BEGIN PROVIDED RECORDS

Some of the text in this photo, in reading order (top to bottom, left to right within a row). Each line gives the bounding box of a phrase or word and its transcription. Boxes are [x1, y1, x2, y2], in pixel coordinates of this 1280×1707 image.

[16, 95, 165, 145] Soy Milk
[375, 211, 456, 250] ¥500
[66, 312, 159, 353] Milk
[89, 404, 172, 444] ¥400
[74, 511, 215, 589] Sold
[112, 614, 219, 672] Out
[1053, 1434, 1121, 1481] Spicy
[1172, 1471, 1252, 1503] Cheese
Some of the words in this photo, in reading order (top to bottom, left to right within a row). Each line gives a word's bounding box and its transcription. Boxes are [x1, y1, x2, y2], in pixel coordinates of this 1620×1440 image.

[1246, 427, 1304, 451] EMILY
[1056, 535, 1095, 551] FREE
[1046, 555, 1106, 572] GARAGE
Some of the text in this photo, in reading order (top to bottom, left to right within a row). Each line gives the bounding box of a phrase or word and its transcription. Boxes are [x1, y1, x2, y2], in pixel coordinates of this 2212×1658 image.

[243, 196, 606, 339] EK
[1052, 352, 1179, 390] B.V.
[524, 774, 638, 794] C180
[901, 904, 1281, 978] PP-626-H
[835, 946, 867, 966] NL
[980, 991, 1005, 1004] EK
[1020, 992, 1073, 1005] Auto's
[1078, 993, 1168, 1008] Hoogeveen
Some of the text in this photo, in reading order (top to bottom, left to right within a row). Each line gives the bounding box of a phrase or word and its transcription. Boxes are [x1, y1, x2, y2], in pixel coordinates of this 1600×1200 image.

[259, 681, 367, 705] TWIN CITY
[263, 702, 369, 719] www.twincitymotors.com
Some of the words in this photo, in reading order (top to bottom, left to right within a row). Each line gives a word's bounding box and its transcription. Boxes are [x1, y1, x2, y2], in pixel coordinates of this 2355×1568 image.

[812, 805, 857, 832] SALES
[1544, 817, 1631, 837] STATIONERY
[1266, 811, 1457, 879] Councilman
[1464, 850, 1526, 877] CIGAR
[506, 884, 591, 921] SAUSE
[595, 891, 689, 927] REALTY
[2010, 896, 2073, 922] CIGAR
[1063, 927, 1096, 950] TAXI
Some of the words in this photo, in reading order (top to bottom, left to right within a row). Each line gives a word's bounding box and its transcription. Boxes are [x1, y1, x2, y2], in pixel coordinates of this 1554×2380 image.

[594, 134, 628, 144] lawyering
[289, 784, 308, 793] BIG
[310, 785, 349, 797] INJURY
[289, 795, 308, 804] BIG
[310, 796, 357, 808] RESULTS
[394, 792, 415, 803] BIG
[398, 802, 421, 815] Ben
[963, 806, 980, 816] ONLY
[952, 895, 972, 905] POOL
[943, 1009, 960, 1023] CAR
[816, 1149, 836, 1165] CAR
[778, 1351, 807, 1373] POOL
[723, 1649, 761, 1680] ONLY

END PROVIDED RECORDS

## [EXERCISE OBJECTIVE]
Give all of the entries again, word for word.

## [EXERCISE ANSWER]
Some of the text in this photo, in reading order (top to bottom, left to right within a row). Each line gives the bounding box of a phrase or word and its transcription. Boxes are [x1, y1, x2, y2], in pixel coordinates of this 1280×1707 image.

[16, 95, 165, 145] Soy Milk
[375, 211, 456, 250] ¥500
[66, 312, 159, 353] Milk
[89, 404, 172, 444] ¥400
[74, 511, 215, 589] Sold
[112, 614, 219, 672] Out
[1053, 1434, 1121, 1481] Spicy
[1172, 1471, 1252, 1503] Cheese
Some of the words in this photo, in reading order (top to bottom, left to right within a row). Each line gives a word's bounding box and its transcription. Boxes are [x1, y1, x2, y2], in pixel coordinates of this 1620×1440 image.

[1246, 427, 1304, 451] EMILY
[1056, 535, 1095, 551] FREE
[1046, 555, 1106, 572] GARAGE
Some of the text in this photo, in reading order (top to bottom, left to right within a row). Each line gives the bounding box of a phrase or word and its transcription. Boxes are [x1, y1, x2, y2], in pixel coordinates of this 2212×1658 image.

[243, 196, 606, 339] EK
[1052, 352, 1179, 390] B.V.
[524, 774, 638, 794] C180
[901, 904, 1281, 978] PP-626-H
[835, 946, 867, 966] NL
[980, 991, 1005, 1004] EK
[1020, 992, 1073, 1005] Auto's
[1078, 993, 1168, 1008] Hoogeveen
Some of the text in this photo, in reading order (top to bottom, left to right within a row). Each line gives the bounding box of a phrase or word and its transcription. Boxes are [x1, y1, x2, y2], in pixel coordinates of this 1600×1200 image.

[259, 681, 367, 705] TWIN CITY
[263, 702, 369, 719] www.twincitymotors.com
Some of the words in this photo, in reading order (top to bottom, left to right within a row). Each line gives a word's bounding box and its transcription. Boxes are [x1, y1, x2, y2], in pixel coordinates of this 2355×1568 image.

[812, 805, 857, 832] SALES
[1544, 817, 1631, 837] STATIONERY
[1266, 811, 1457, 879] Councilman
[1464, 850, 1526, 877] CIGAR
[506, 884, 591, 921] SAUSE
[595, 891, 689, 927] REALTY
[2010, 896, 2073, 922] CIGAR
[1063, 927, 1096, 950] TAXI
Some of the words in this photo, in reading order (top to bottom, left to right within a row). Each line gives a word's bounding box and its transcription. Boxes are [x1, y1, x2, y2], in pixel coordinates of this 1554×2380 image.

[594, 134, 628, 144] lawyering
[289, 784, 308, 793] BIG
[310, 785, 349, 797] INJURY
[289, 795, 308, 804] BIG
[310, 796, 357, 808] RESULTS
[394, 792, 415, 803] BIG
[398, 802, 421, 815] Ben
[963, 806, 980, 816] ONLY
[952, 895, 972, 905] POOL
[943, 1009, 960, 1023] CAR
[816, 1149, 836, 1165] CAR
[778, 1351, 807, 1373] POOL
[723, 1649, 761, 1680] ONLY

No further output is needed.